Когда Розенблюм ушёл, Дарья Кирилловна во внезапном порыве нежности обняла Баграмова.
— Вы — настоящий высокий русский интеллигент, Иван Петрович, и я горжусь, что моя дочь ваша жена. А этот господин принадлежит к коммерческой нации. Я хочу сказать — он, вероятно, из купеческого семейства, и я…
— Я — интернационалист, дорогая Дарья Кирилловна, и мне омерзителен шовинизм, чем бы он ни был прикрыт. Ваш выпад против национальности я считаю… считаю… — вспыхнул Баграмов.
— Иван Петрович! — спохватилась Дарья Кирилловна. — Вы не так меня поняли. Я старой народнической закваски. И никогда не была юдофобкой. Я просто хотела сказать, что святое бескорыстие, ради служения… — оправдываясь, начала она.

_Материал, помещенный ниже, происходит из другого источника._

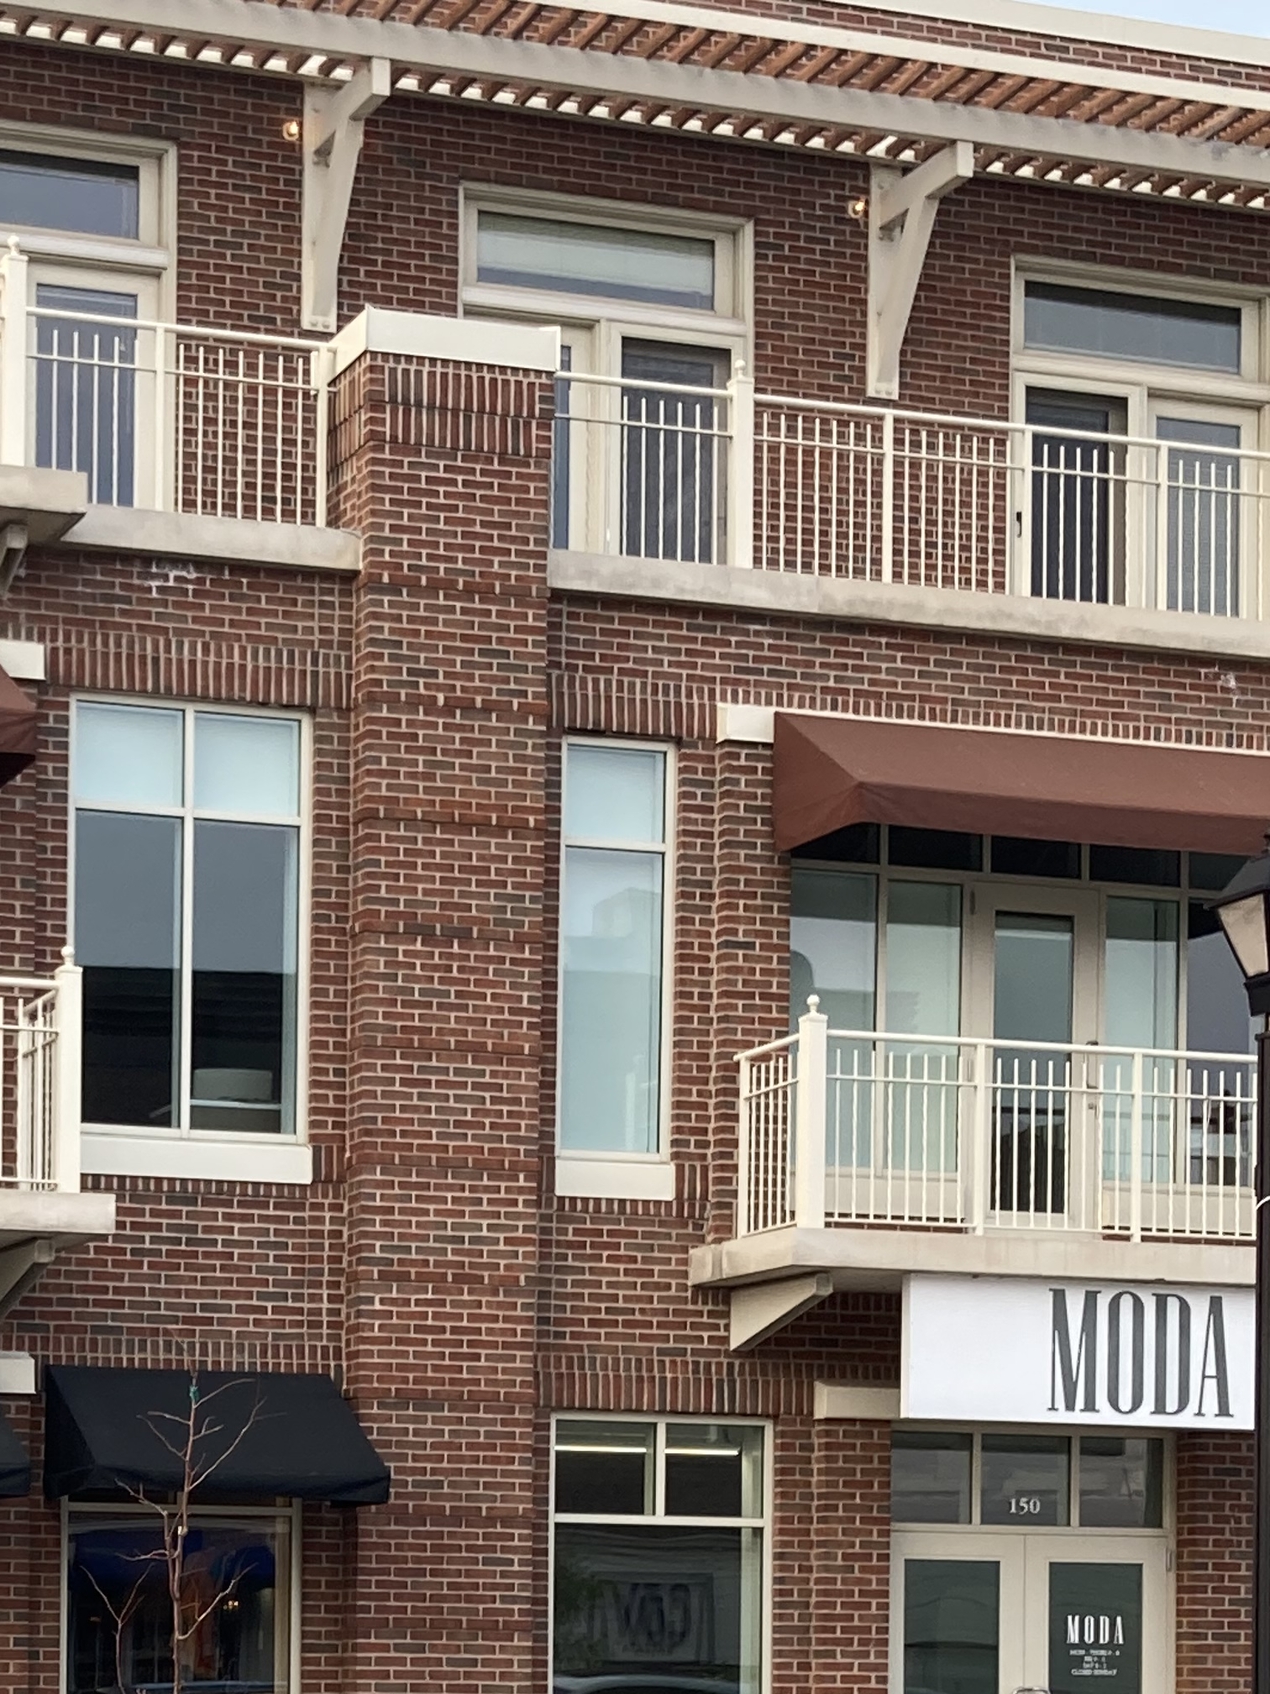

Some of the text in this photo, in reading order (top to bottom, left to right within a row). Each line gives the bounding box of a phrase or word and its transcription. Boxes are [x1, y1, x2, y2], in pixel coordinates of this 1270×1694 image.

[1047, 1288, 1234, 1418] MODA
[1009, 1497, 1041, 1515] 150
[1066, 1614, 1125, 1645] MODA

— Ради служения европейским акционерам, — яростно перебил Баграмов, — это моя глупость, и Исаак Семенович, прав, называя меня слюнтяем! — резко и враждебно заключил он.
Вечером Баграмов заметил, что лицо Юлии заплакано. Он понял причину, но промолчал.
В мае с Дальнего Востока приехал старший брат Саши, Яков, участник боев с китайцами. Из открытой раны на левой ноге, повыше лодыжки, с сукровицей выходили кусочки мелко дробленной кости. Он уговорил хирурга на фронте не отнимать эту ногу и теперь хвалился, что всё-таки ходит на двух.
Сашка приводил его в больницу к Баграмову через день, для перевязки.
После давнишней размолвки с Юлией Николаевной Саша совсем было перестал ходить в докторский дом. Он отчаянно тосковал без дела, без чтения, но самолюбие удерживало его на расстоянии. Решил заниматься самостоятельно по учебникам, но это как-то не получалось. Выйти побегать с сельскими ребятами он стеснялся, особенно после того, как кто-то из них назвал его «отставным благородьем». Работы не было никакой. Иногда помогал он в больнице кучеру Соломону Премудрому — починить хомут, почистить конюшню.